At Altamarea Group’s newest concept, 53, the ambiance is just as important as the food. Named after its address—53 West 53rd Street—the restaurant is adjacent to the Museum of Modern Art. The group retained design firm ICRAVE for the restaurant’s three-story interior, which sports mid-century modern details. And thanks to a partnership with the Friedrich Petzel Gallery, 53 will feature a rotating selection of fine art.
The end result is a stunning property helmed by renowned Singaporean chef Akmal Anuar. But bringing all the pieces together, especially at the height of Covid, was an art unto itself, as founder and CEO Ahmass Fakahany explains.
We were building all of this during Covid. The world went through a very difficult period and some of the things that needed to be delivered, whether it was equipment or furniture, were a bit challenging. The other challenge was being able to not only hire great chefs with Asian cuisine expertise and capabilities in the U.S., but also work with chefs from outside the U.S. Certainly, there were travel difficulties with Covid and visa challenges.
Fine design and dining
We decided to be uncompromising on the design, look, and feel, as well as the quality of the food; if we had to sacrifice something, it wasn’t going to be those two things. 53 is a multisensory experience, and I think all the senses need to be stimulated concurrently. The important part is having this living organism of a restaurant that continually recalibrates throughout the evening, visually capturing the art and essence of the beauty of what’s around while you’re eating good food.

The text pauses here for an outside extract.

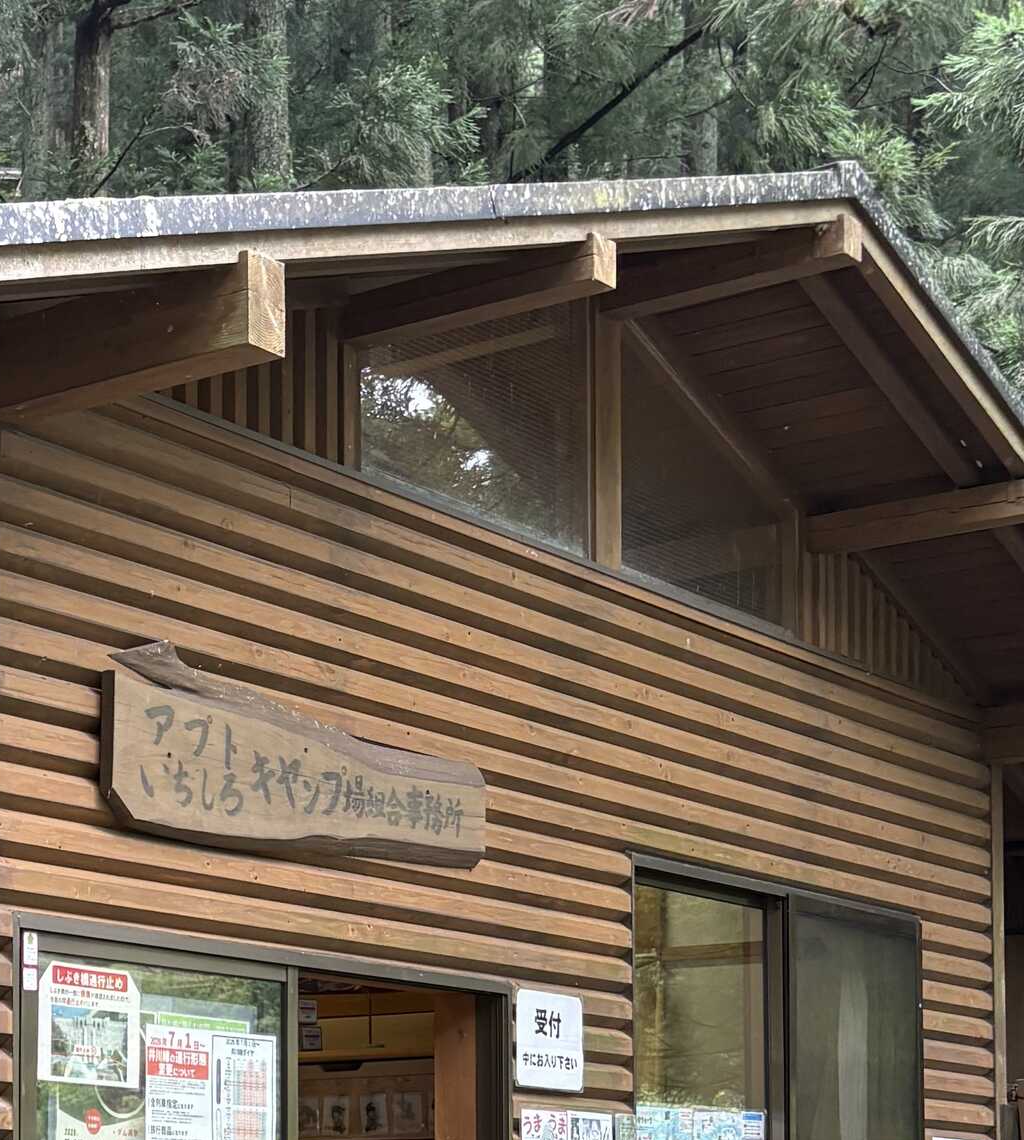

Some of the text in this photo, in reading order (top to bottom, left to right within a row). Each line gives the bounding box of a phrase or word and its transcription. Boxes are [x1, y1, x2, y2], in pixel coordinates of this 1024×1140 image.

[144, 705, 241, 769] アプト
[534, 1008, 562, 1039] 受付
[522, 1053, 578, 1071] 中にお入り下さい

I would say 53 is a new direction for the Altamarea Group portfolio. Here, we’re going into contemporary Asian cuisine. Frankly, we went straight to Asia with chef Akmal in Singapore—I have known him for many years. Still, creating a new brand with a new cuisine was a lot of pressure for us; you have to believe in yourself and have purpose. I lived in Asia for years, so I knew what the end goal and product could be. I’m very proud of where we are, and the reaction has been phenomenal.
A bet on New York
It is definitely a supportive and respectful move to bet on New York City, and Manhattan specifically. A restaurant this size doesn’t open magically when Covid starts to disappear; these things take time to build. So, it’s definitely a heartfelt moment to do that and employ people and get them excited.
Word to the wise
If you have a concept in mind, stay true to the vision. Everyone has an opinion on food and feels very strongly about it, and I respect that. But you need to stay true to the vision because sometimes, especially at the beginning, it all goes back to self belief.